The hearing officer made findings of fact that the decedent provided greater than 20% of the claimant’s net resources and that the benefit contributed substantially to her welfare and livelihood. She also made a finding of fact that “[t]he benefits provided to [the claimant] by Decedent were recurring.” The “Statement of the Evidence” indicates she believed the December 1994 to August 21, 1995, gap in payments was explained by the time the decedent missed work for his eye problem. The carrier argues that the decedent only sent $600.00 to his mother in the 14 months prior to his death and that the claimant’s testimony as to additional cash payments should not have been believed. It maintains that the claimant was not a dependent beneficiary because the decedent’s economic support to her was not regular or recurring at the time of his death. The carrier does not concede that the decedent’s payments contributed substantially to the claimant’s welfare. However, its argument on appeal centers on whether the benefits were regular or recurring.
An eligible beneficiary must show that benefits received from the decedent were “regular or recurring at the time of the employee’s death.” Rule 132.2(b). “At the time of death” is not defined in the 1989 Act or the Commission’s rules, but regular or recurring payments are, by definition, payments made over some period of time. The applicable period for determining the regularity or recurrence of benefits in an analysis of dependent status is not defined. While Rule 132.2(c), dealing with substantiality of the contributions, refers to “net resources in the period” and directs us to Rule 132.2(d), that subsection defines “net resources” without defining “the period.” The carrier argues that the applicable period for Rule 132.2(b) is the year preceding the decedent’s death. We find no authority for this assertion.

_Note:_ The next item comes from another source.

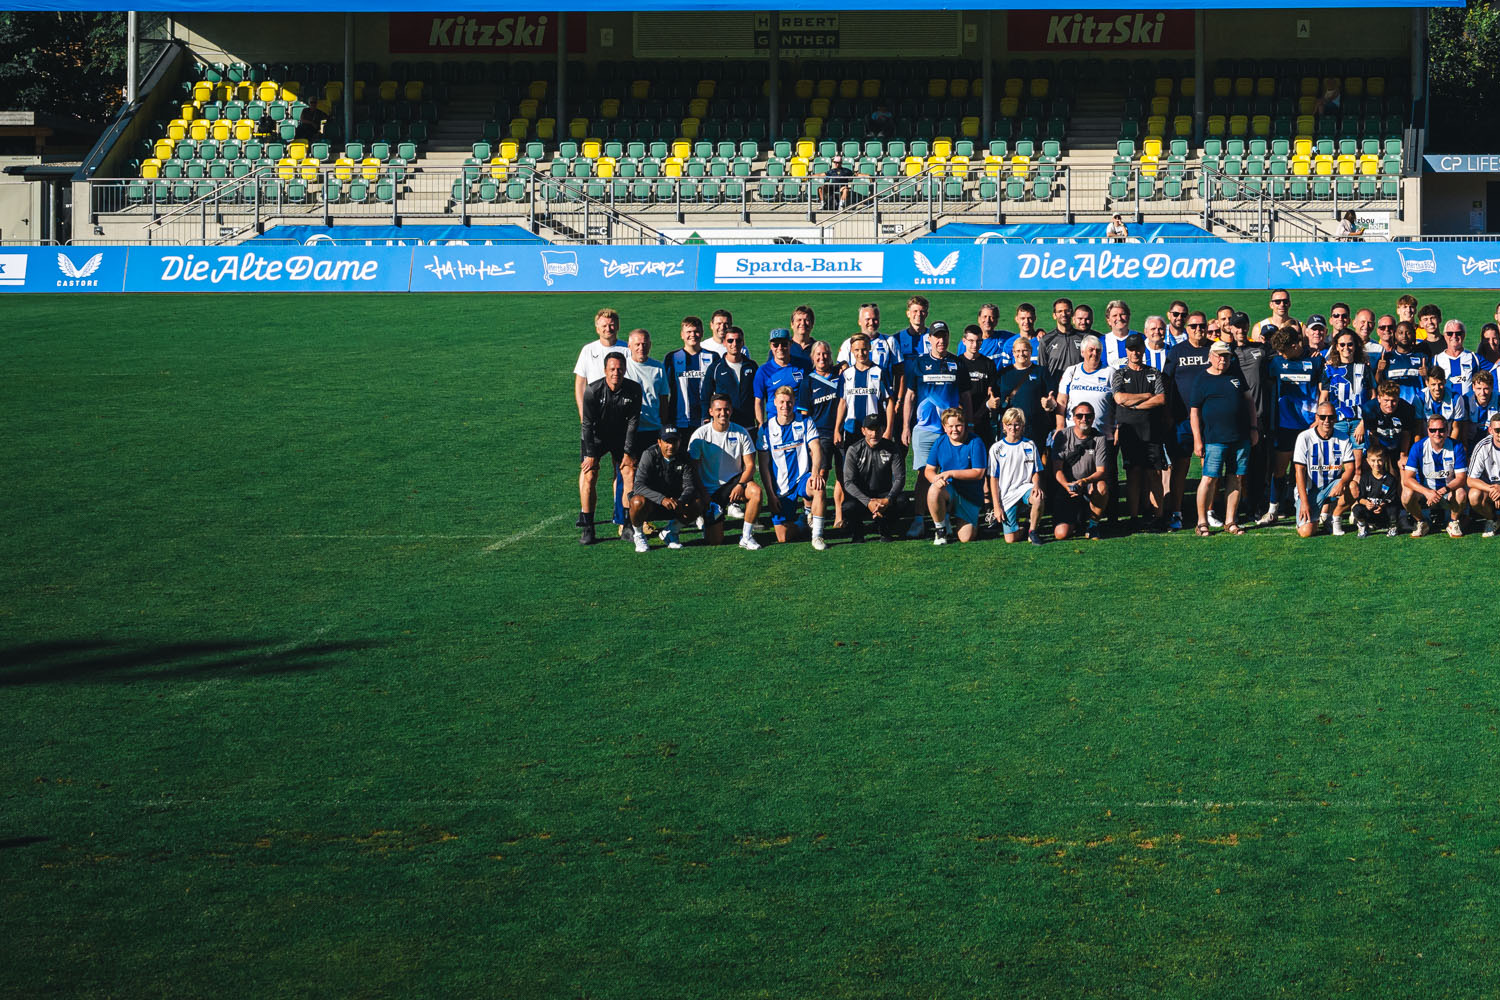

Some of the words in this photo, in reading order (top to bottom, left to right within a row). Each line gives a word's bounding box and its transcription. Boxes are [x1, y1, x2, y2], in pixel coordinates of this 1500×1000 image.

In Texas Workers’ Compensation Commission Appeal No. 970753, decided June 9, 1997, the record contained an uncontroverted sworn affidavit from the beneficiaries. It stated that they “relied heavily upon” the deceased employee’s financial support, that he “sent money home so [they] could survive financially” and that without the deceased employee they had “severe struggles simply to survive.” Id. The hearing officer determined that the eligible beneficiaries did not meet their burden of proof to show the benefits received were regular or recurring and we reversed the decision. We held that, in the face of an uncontroverted affidavit, the decision that the payments were not regular was against the great weight of the evidence. Although that case dealt with the regularity, rather than the recurrence of the benefits, that case is instructive. Under Rule 132.2(b), the benefits need only be regular or recurrent and in the case in review the hearing officer found they were recurrent. The relevant time period for analysis is for the hearing officer to consider on a case-by-case basis.
We hold that the determinations as to whether the claimant received regular or recurring benefits at the time of the decedent’s death and whether those benefits contributed substantially to her welfare and livelihood were questions of fact for the hearing officer to decide. The hearing officer, as finder of fact, is the sole judge of the relevance and materiality of the evidence as well as of the weight and credibility that is to be given the evidence. Section 410.165(a). It was for the hearing officer, as trier of fact, to resolve the inconsistencies and conflicts in the evidence. Garza v. Commercial Insurance Co. of Newark, New Jersey, 508 S.W.2d 701 (Tex. Civ. App.-Amarillo 1974, no writ). The trier of fact may believe all, part, or none of the testimony of any witness. Aetna Insurance Co. v. English, 204 S.W.2d 850 (Tex. Civ. App.-Fort Worth 1947, no writ). As an appeals body, we will not substitute our judgment for that of the hearing officer when the determination is not so against the great weight and preponderance of the evidence as to be clearly wrong or manifestly unjust. Cain v. Bain, 709 S.W.2d 175, 176 (Tex. 1986); Texas Workers’ Compensation Commission Appeal No. 950456, decided May 9, 1995. Given the record of payments from the decedent to the claimant, including the money order receipts and her testimony, we conclude that the determination that the claimant was a dependent of the decedent is not so against the great weight and preponderance of the evidence as to be clearly wrong or manifestly unjust.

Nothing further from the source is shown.